Preliminarmente, é importante ressaltar que o método de ensino socrático baseava-se na ironia fazer perguntas ao seu interlocutor que lhe fizessem perceber defeitos nas próprias convicções – e na maiêuticaconduzir imperceptivelmente esse interlocutor à resposta desejada através de uma série de perguntas. Sob essa premissa, Platão, que somente escrevia na forma de diálogos, reproduziu a subida de Sócrates e sua comitiva para Atenas a partir do Pireu, onde estiveram para a celebração da deusa trácia Bêndis.

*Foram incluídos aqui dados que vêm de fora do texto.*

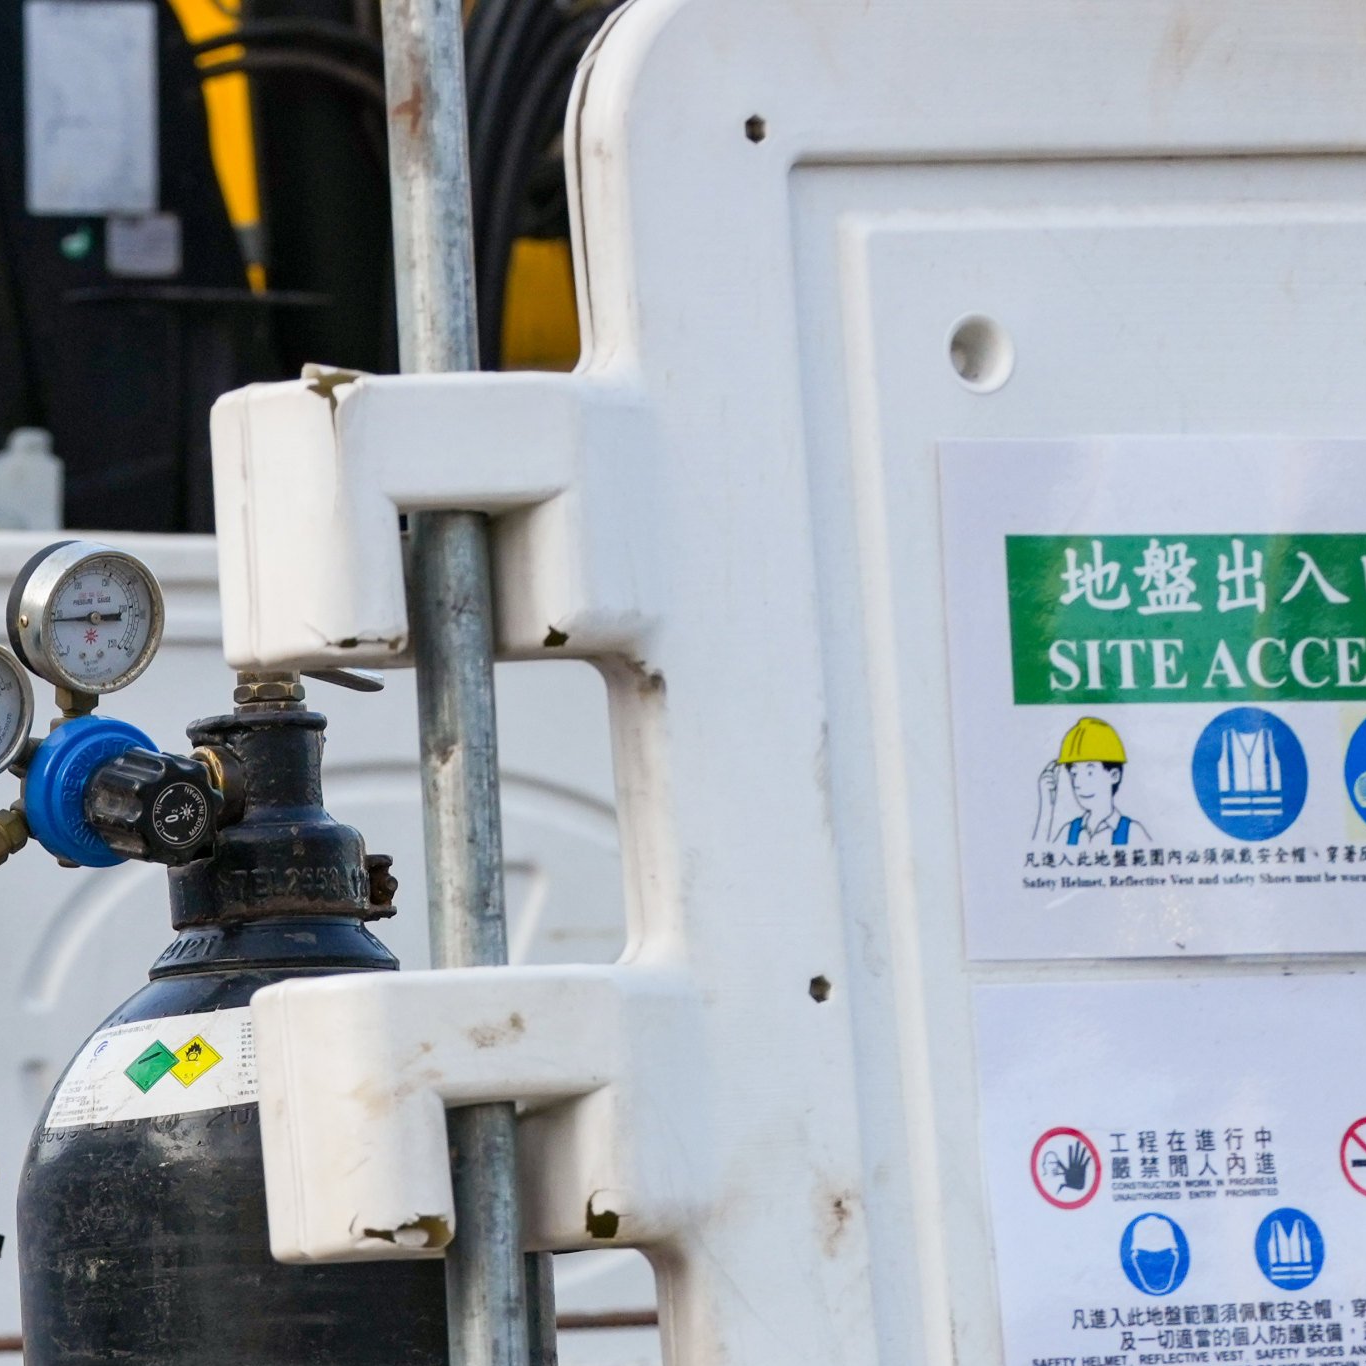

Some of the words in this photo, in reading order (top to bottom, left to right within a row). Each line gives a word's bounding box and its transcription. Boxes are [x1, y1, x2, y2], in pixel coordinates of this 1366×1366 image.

O fato de estarem a subir do Pireu para Atenas representa algo. O verdadeiro conhecimento somente seria possível por meio da dialética ascendente, pela qual se parte do mundo sensível em direção ao plano das ideias, onde poderia ser contemplada a verdadeira ideia: o bem.

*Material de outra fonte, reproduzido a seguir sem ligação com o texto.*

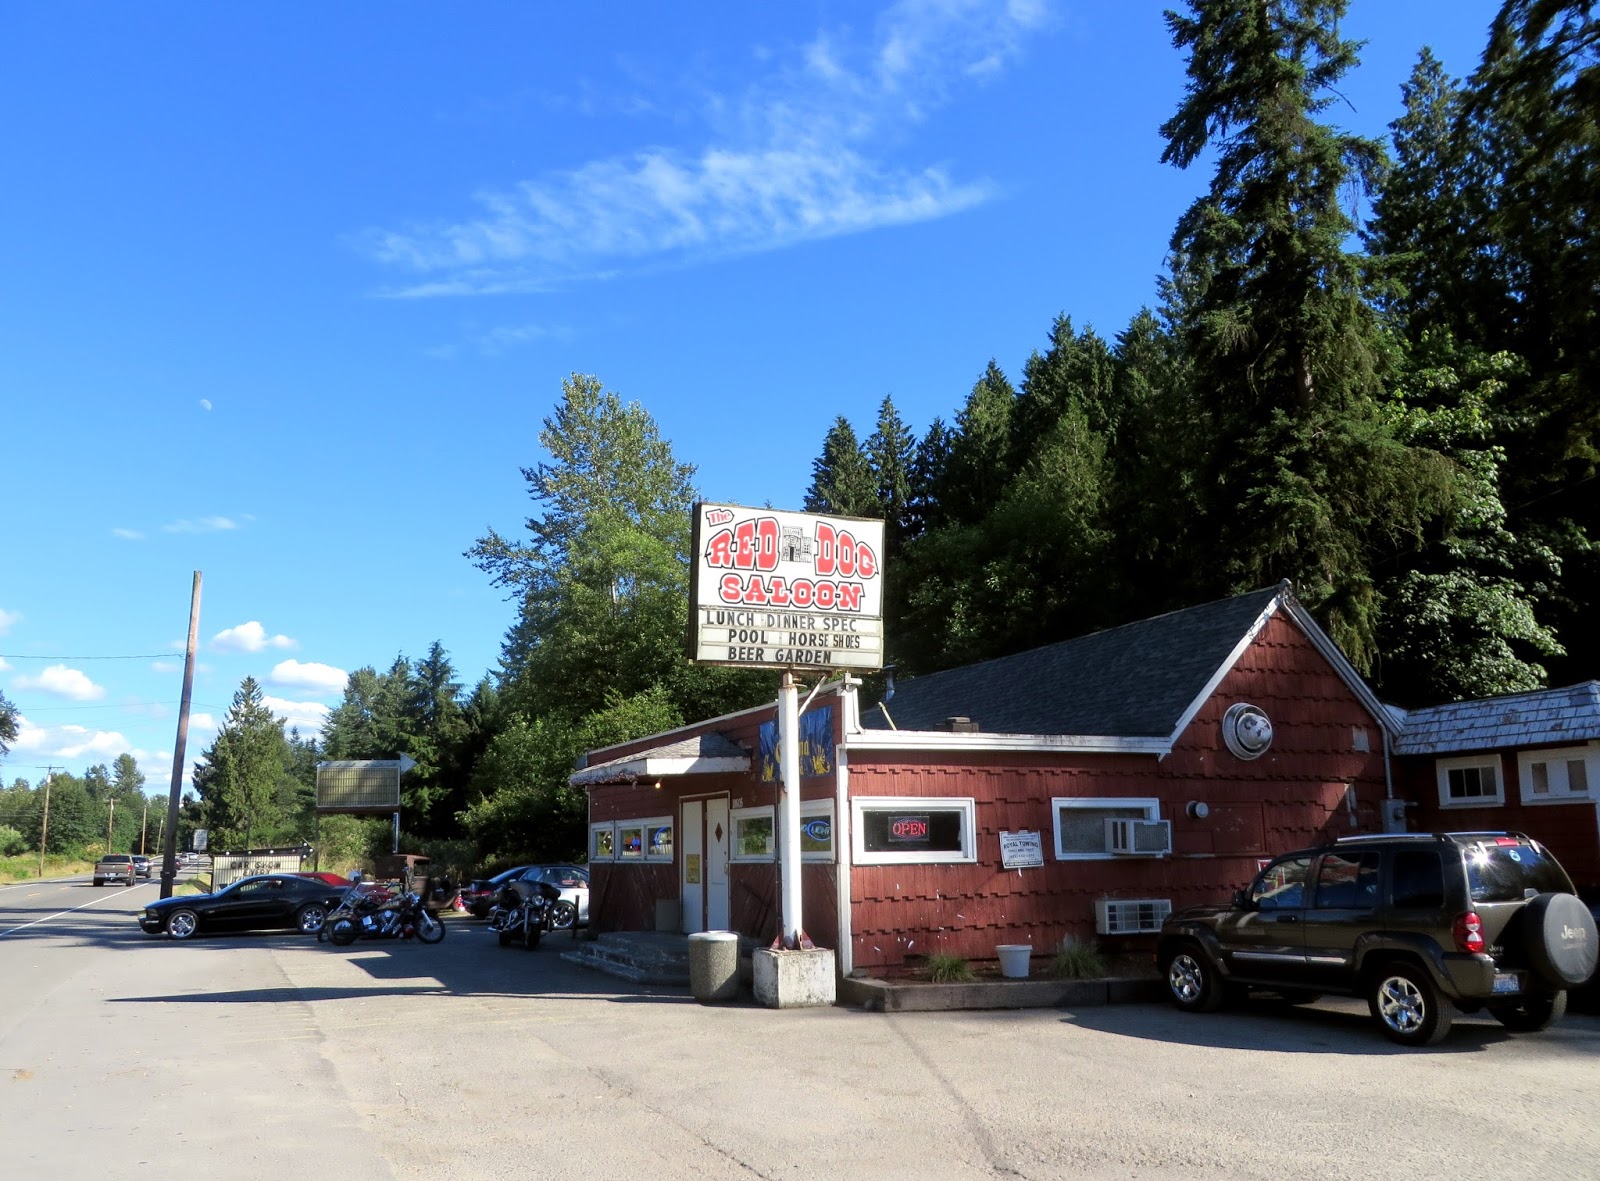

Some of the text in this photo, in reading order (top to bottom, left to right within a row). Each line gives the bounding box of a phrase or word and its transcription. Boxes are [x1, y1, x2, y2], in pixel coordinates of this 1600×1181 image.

No caminho, a comitiva foi interceptada e levada à casa de Polemarco, onde Sócrates encontrou-se com o pai dele, Céfalo, e estes dois conversaram sobre a velhice, a morte e a preparação para a vida além dela. Para Céfalo, a velhice seria a libertação das paixões e o caráter das pessoas ao longo da vida, o determinante para torná-la menos penosa. Sócrates acrescentou-lhe à reflexão o fato de que a riqueza contribuiria para a redução do fardo e Céfalo concordou. Daí veio a posição do pai de Polemarco:

[...] tenho em grande apreço a posse das riquezas, não para todo o homem, mas para aquele que é comedido e prudente. Não ludibriar ninguém nem mentir, mesmo involuntariamente, nem ficar a dever, sejam sacrifícios aos deuses, seja dinheiro a um homem, e depois partir para o além sem temer nada [...]. 1

Contudo, Sócrates não considerou pleno o conceito de justiça de Céfalo – ser honesto e restituir as coisas tomadas de alguém – e dirigiu-se então a Polemarco. Seguindo parcialmente a seu pai, no que tange a restituir coisas, e ao poeta lírico Simônides, em relação à conveniência das restituições, o conceito de justiça do segundo interlocutor era “que aos amigos se deve fazer bem” e “o que um inimigo deve a outro é [...] o mal” 2.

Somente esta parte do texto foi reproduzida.